Ünlü İtalyan fotoğrafçı ve muhabir. 1925'te Roma'nın eteklerinden birinde doğdu. 1944'te fotoğrafçı oldu ve Roma sokaklarında Amerikan askerlerini ve turistlerini fotoğrafladı. 1951 yılında İtalyan foto muhabirliğinin babalarından biri olan ve fotoğrafçılık sanatının tüm sırlarını öğrendiği Adolfo Pastorel'e ait olan Vedo ajansına kabul edildi. 1955 yılında Sergio Spinelli ile birlikte Roma Press Photo ajansını kurdu. Kısa süre sonra ünlü İtalyan yönetmen Federico Fellini, kahramanlarından biri fotoğrafçı Paparazzo olan "La Dolce Vita" filmini çekti. Bu kahramanın prototipi Tazio Secchiaroli'ydi. O zamandan beri paparazzi kelimesi tüm sinir bozucu fotoğrafçıları tanımlamak için kullanıldı.

Kaynak: a.d-cd.net

Fransız yazar (marki, edebi takma adının bir parçasıdır). Onun karakteristik zalimlik ve sefahat kombinasyonuna sadizm adı verildi. 1768'de bir kadına şiddet uyguladığı gerekçesiyle yargılandı ve hapsedildi, ancak Kral XV. Louis'nin emriyle kovuşturma durduruldu. 1772'de parlamento tarafından "sodomi ve zehirlenme nedeniyle" ölüm cezasına çarptırıldı. Kaçtı, tutuklandı, tekrar kaçtı ve tekrar yakalandı; idam cezası hapis cezasına çevrildi. 1784'te Bastille'e transfer edildi ve burada pornografik romanlarını ve dramalarını yazmaya başladı. Delilik belirtileri keşfettikten sonra Charenton'a transfer edildi, ancak 1790'da özgürlüğüne kavuştu. 1791'de romanlarının en ünlüsü Justine ou Les malheurs de la vertu ("Justine veya Erdemin Talihsizlikleri") ortaya çıktı; bu roman, 1797'de daha da iğrenç bölümlerle birlikte ikinci baskısıyla yayınlandı; devamı Juliette (“Juliette”) (1798) romanıydı. 1801'de bu romanların yayınına el konuldu ve de Sade hapse atıldı. Akıl hastası olarak öldü.

Kaynak: pbs.twimg.com

Louis XV döneminde Fransa'da Maliye Genel Denetçisi. Limoges'te doğdum. Avrupa'yı dolaşırken Londra'da yaşadı ve burada pratik ekonomi ve Büyük Britanya'nın mali sistemi okudu.

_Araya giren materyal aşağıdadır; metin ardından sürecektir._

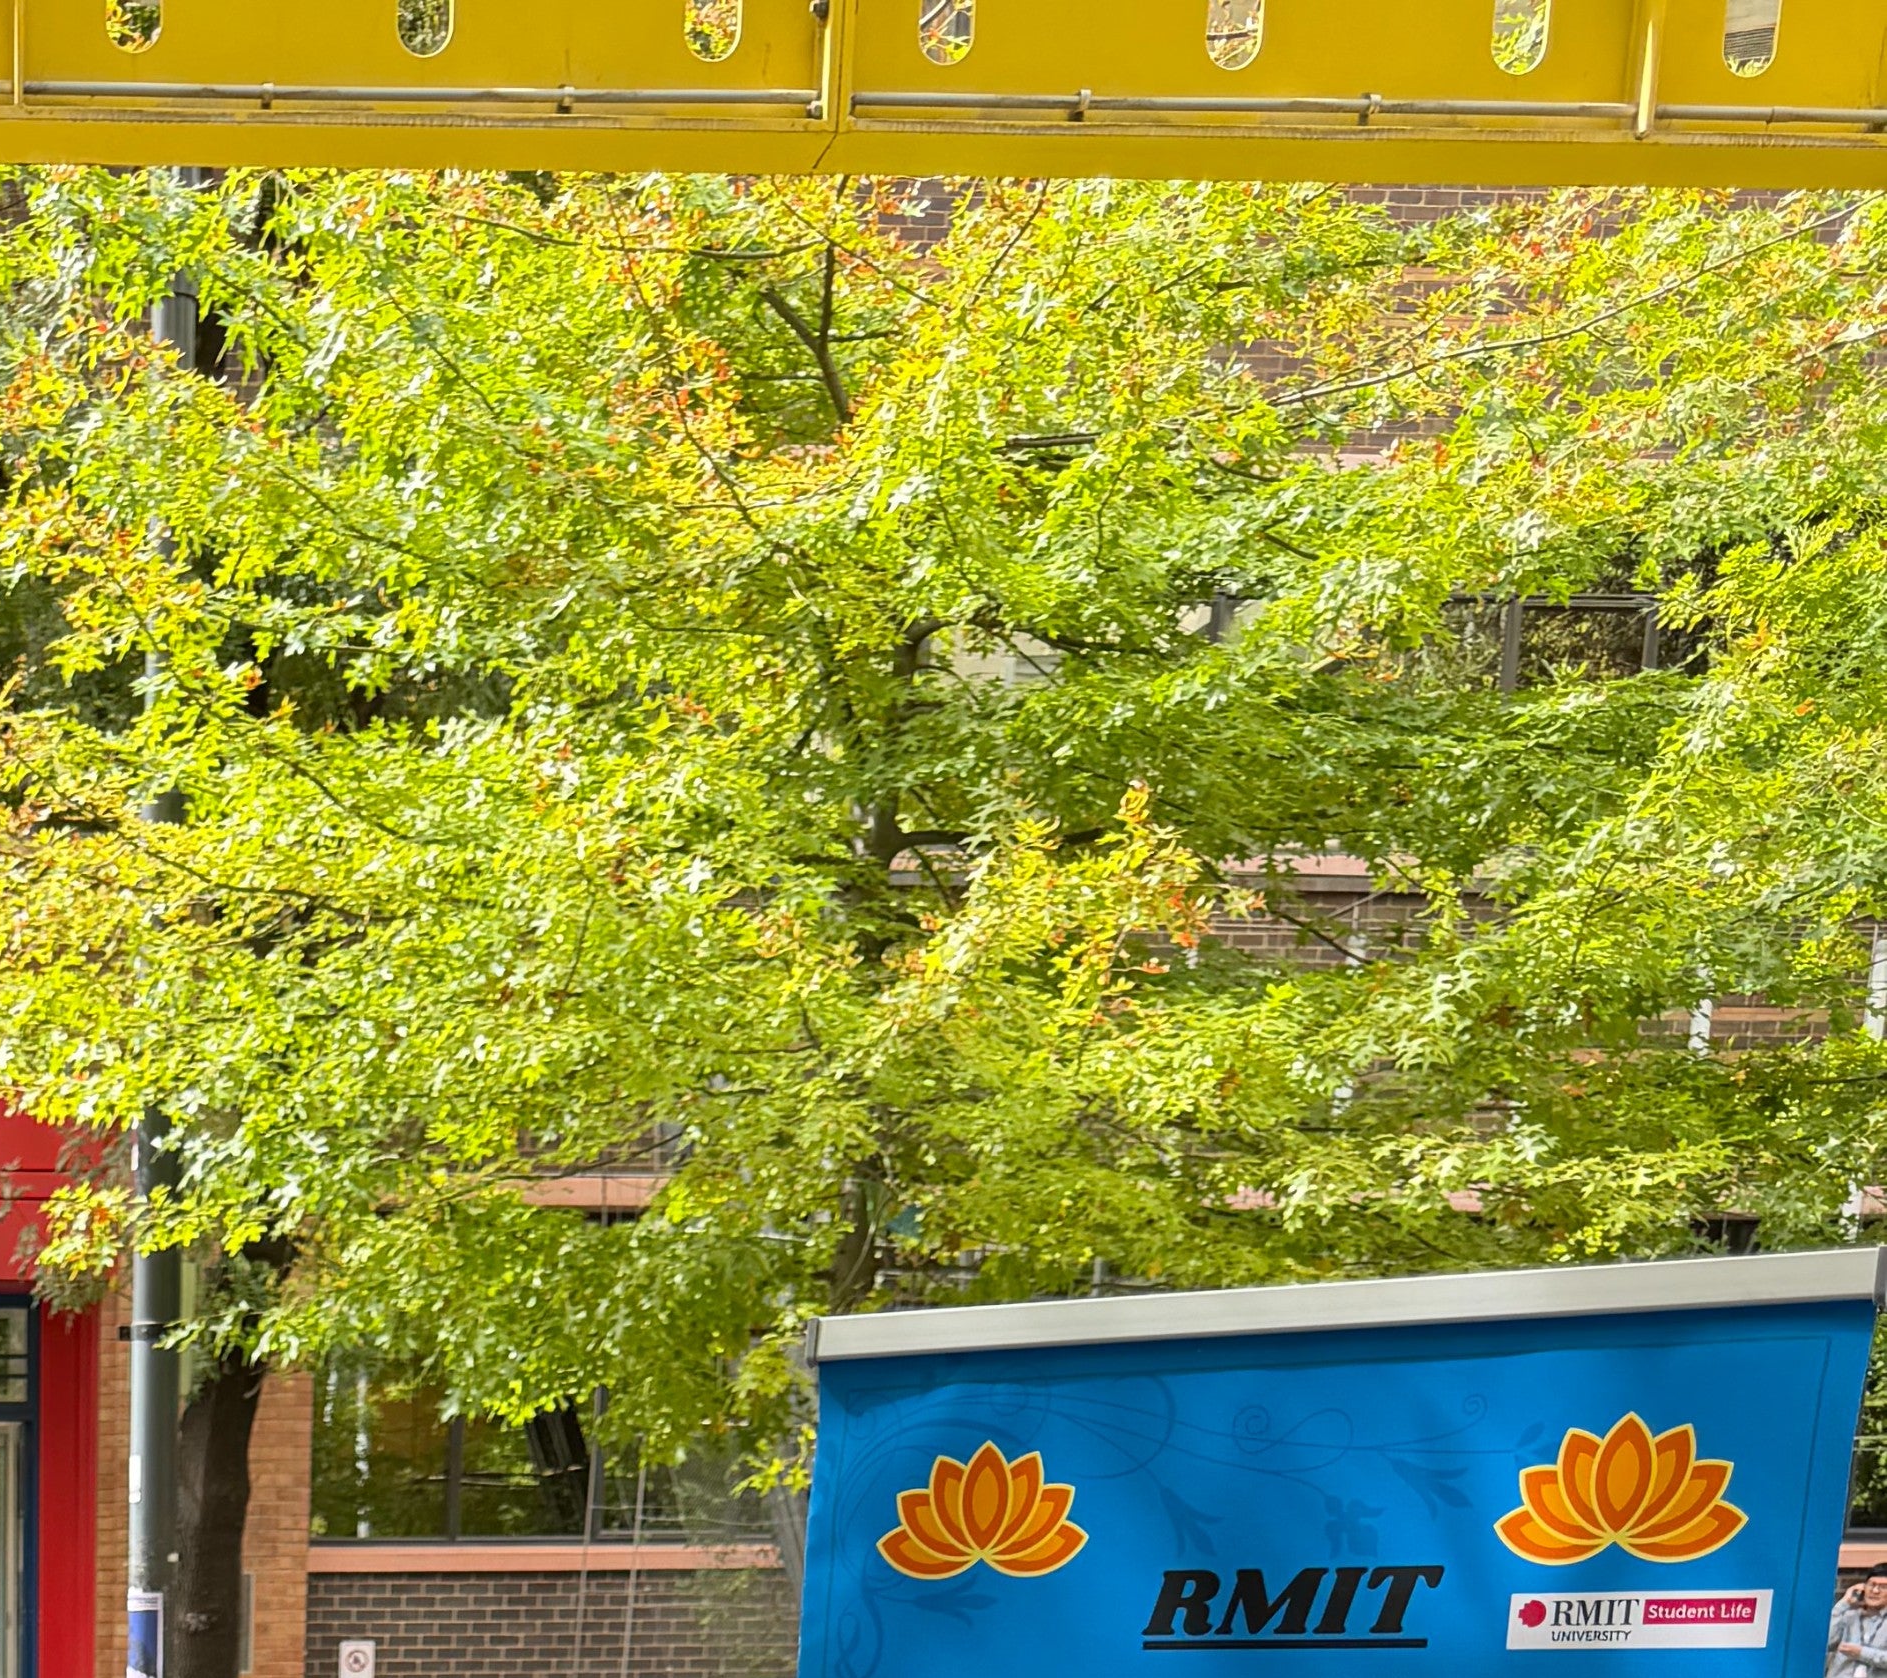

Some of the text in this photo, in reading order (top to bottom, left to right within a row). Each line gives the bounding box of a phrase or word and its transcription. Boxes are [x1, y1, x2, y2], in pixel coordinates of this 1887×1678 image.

[1141, 1565, 1445, 1636] RMIT
[1550, 1599, 1753, 1626] RMIT Student Life
[1551, 1630, 1632, 1642] UNIVERSITY
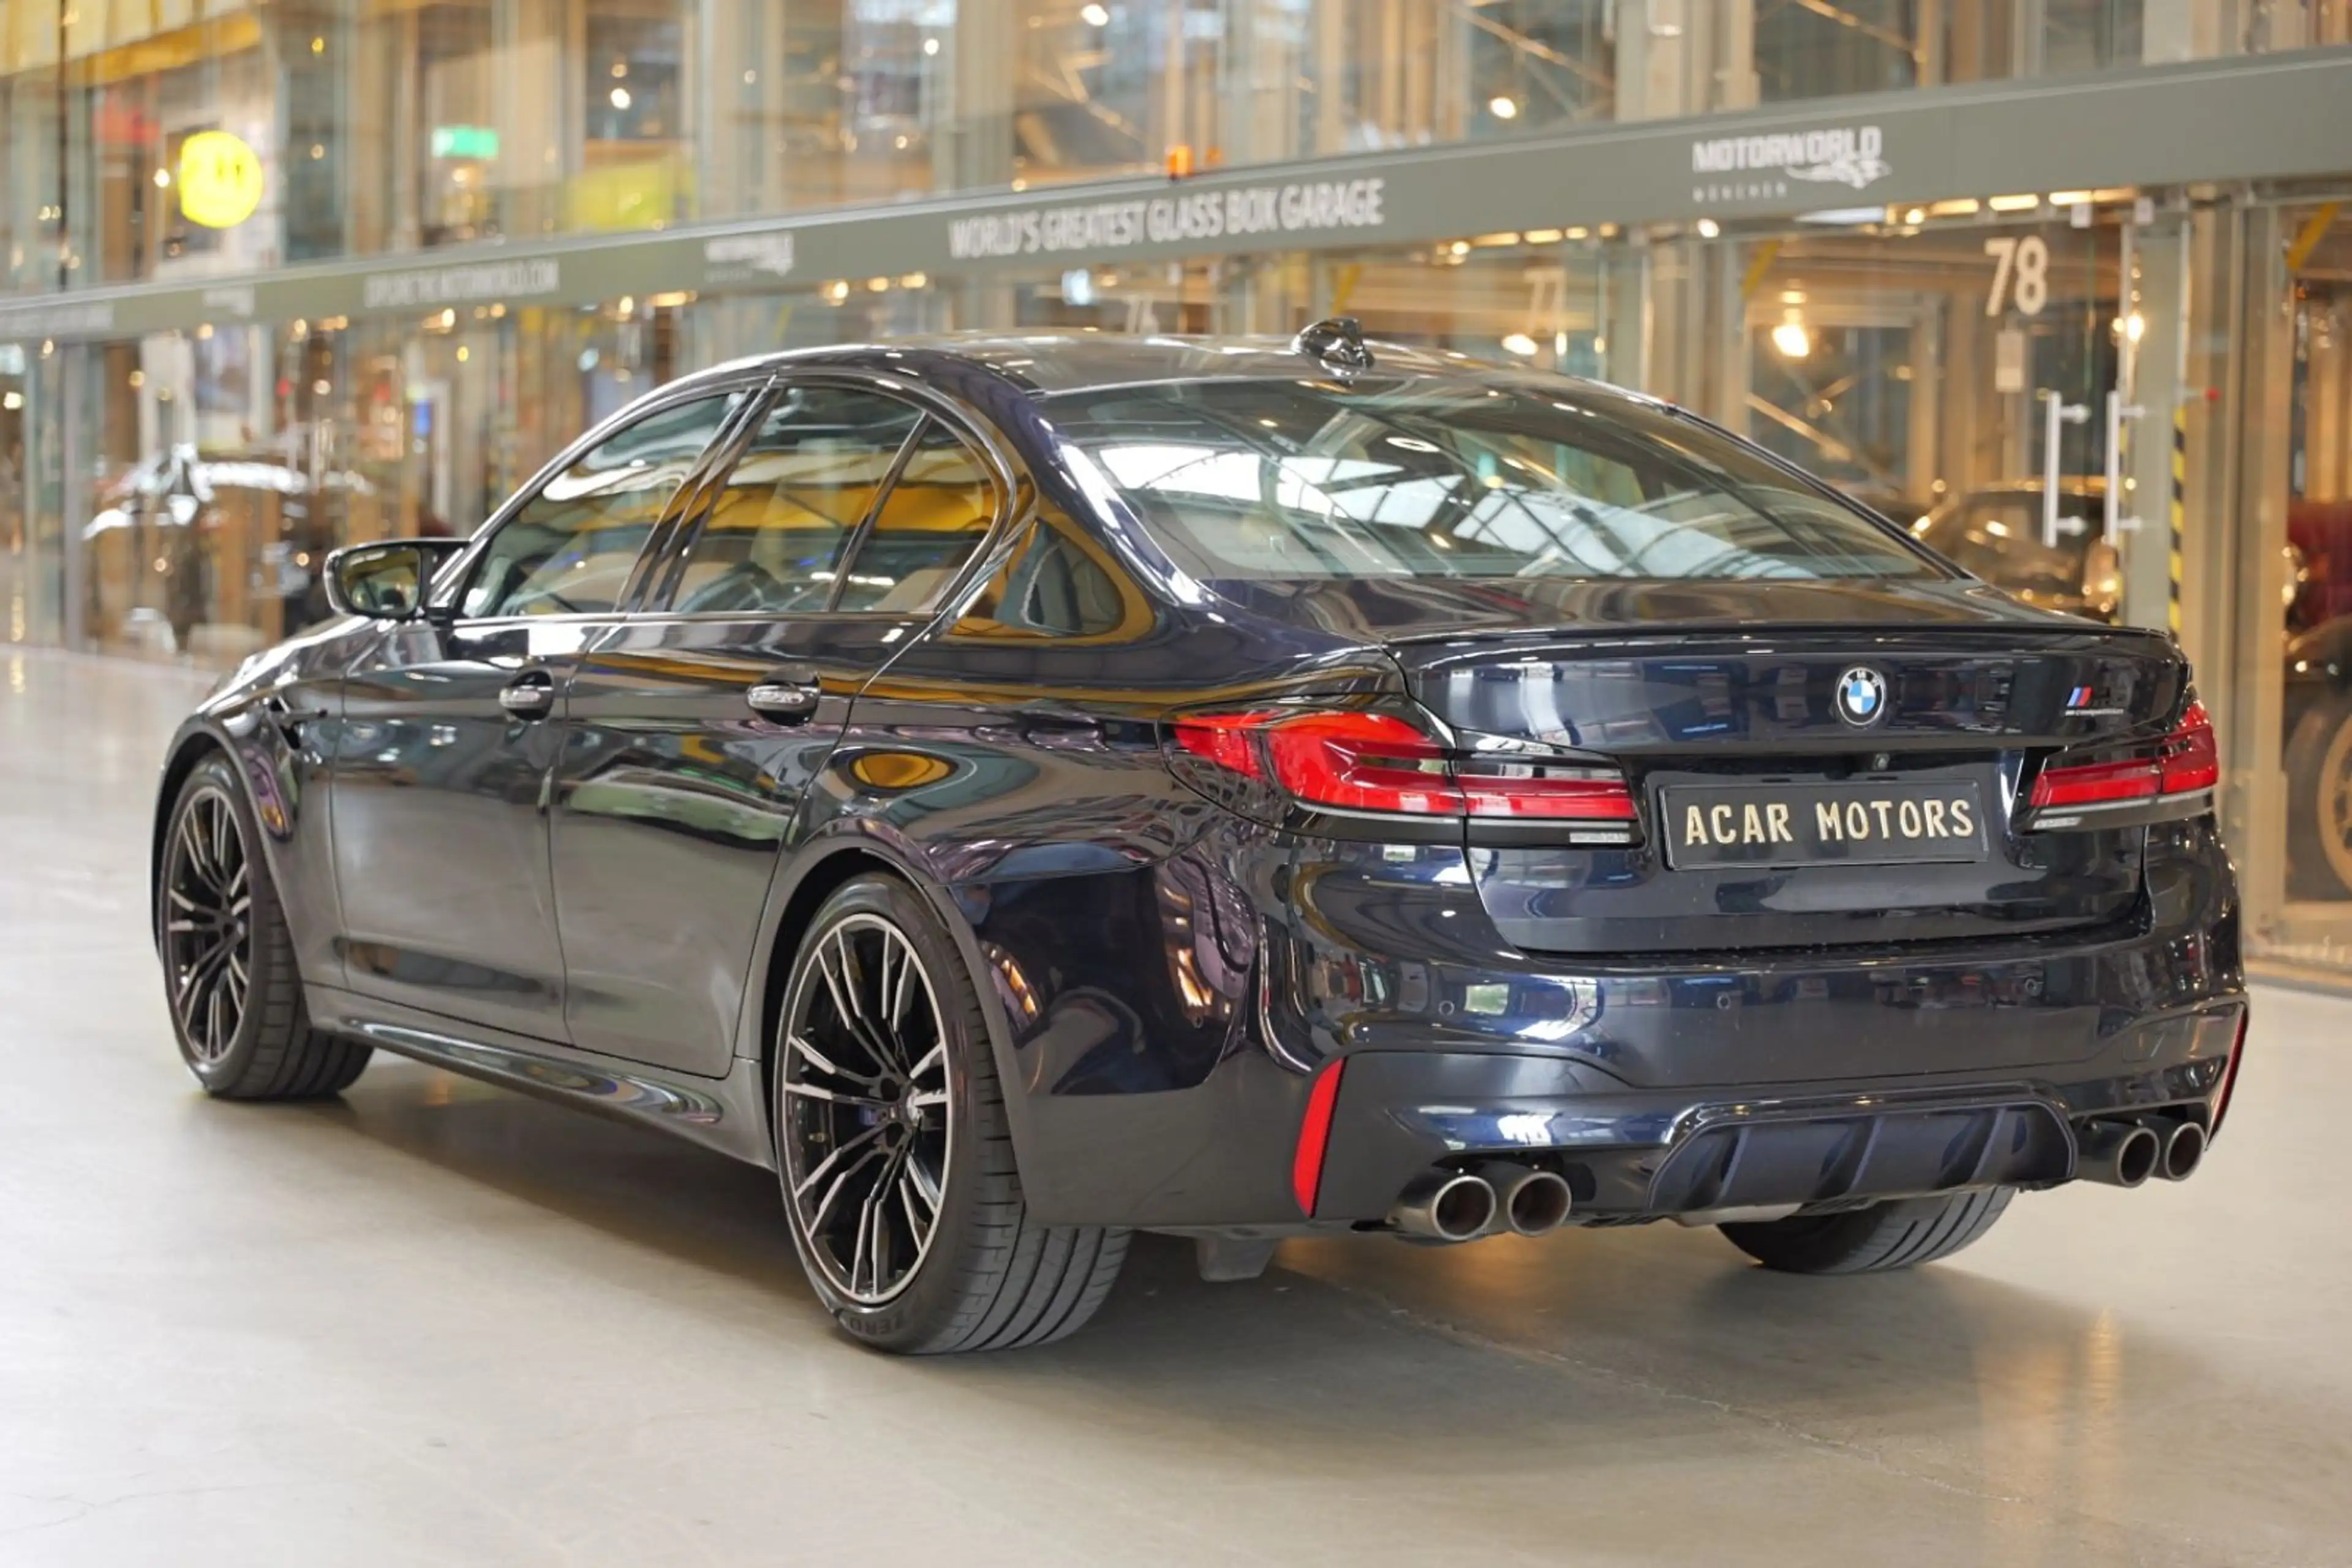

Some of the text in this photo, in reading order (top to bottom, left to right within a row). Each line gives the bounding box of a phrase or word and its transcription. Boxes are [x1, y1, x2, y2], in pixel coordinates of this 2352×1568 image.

[1692, 126, 1882, 173] MOTORWORLD
[950, 178, 1385, 259] WORLD'S GREATEST GLASS BOX GARAGE
[1984, 235, 2048, 316] 78
[1684, 799, 1974, 846] ACAR MOTORS

Paris'e döndükten sonra ekonomi üzerine birçok İngilizce bilimsel eseri tercüme etti ve bu onu ünlü yaptı. Mart 1759'da Fransa Genel Komptrolörü olarak atandı. Vergi sisteminde reform yapmaya ve kraliyet sarayının fahiş harcamalarını azaltmaya çalıştı. De Silhouette'in uygulamaya koyduğu sert kemer sıkma tedbirleri mahkeme çevrelerinde sert eleştirilere yol açtı. Kasım 1759'da Silhouette görevinden ayrılmak zorunda kaldı. Bir nesnenin ana hatlarını ifade eden “siluet” kelimesi, E. de Silhouette’in gölge profili şeklinde karikatürünün çizilmesinden sonra kullanılmaya başlanmıştır.



Bir hata bulursanız lütfen bir metin parçası seçin ve Ctrl+Enter tuşlarına basın.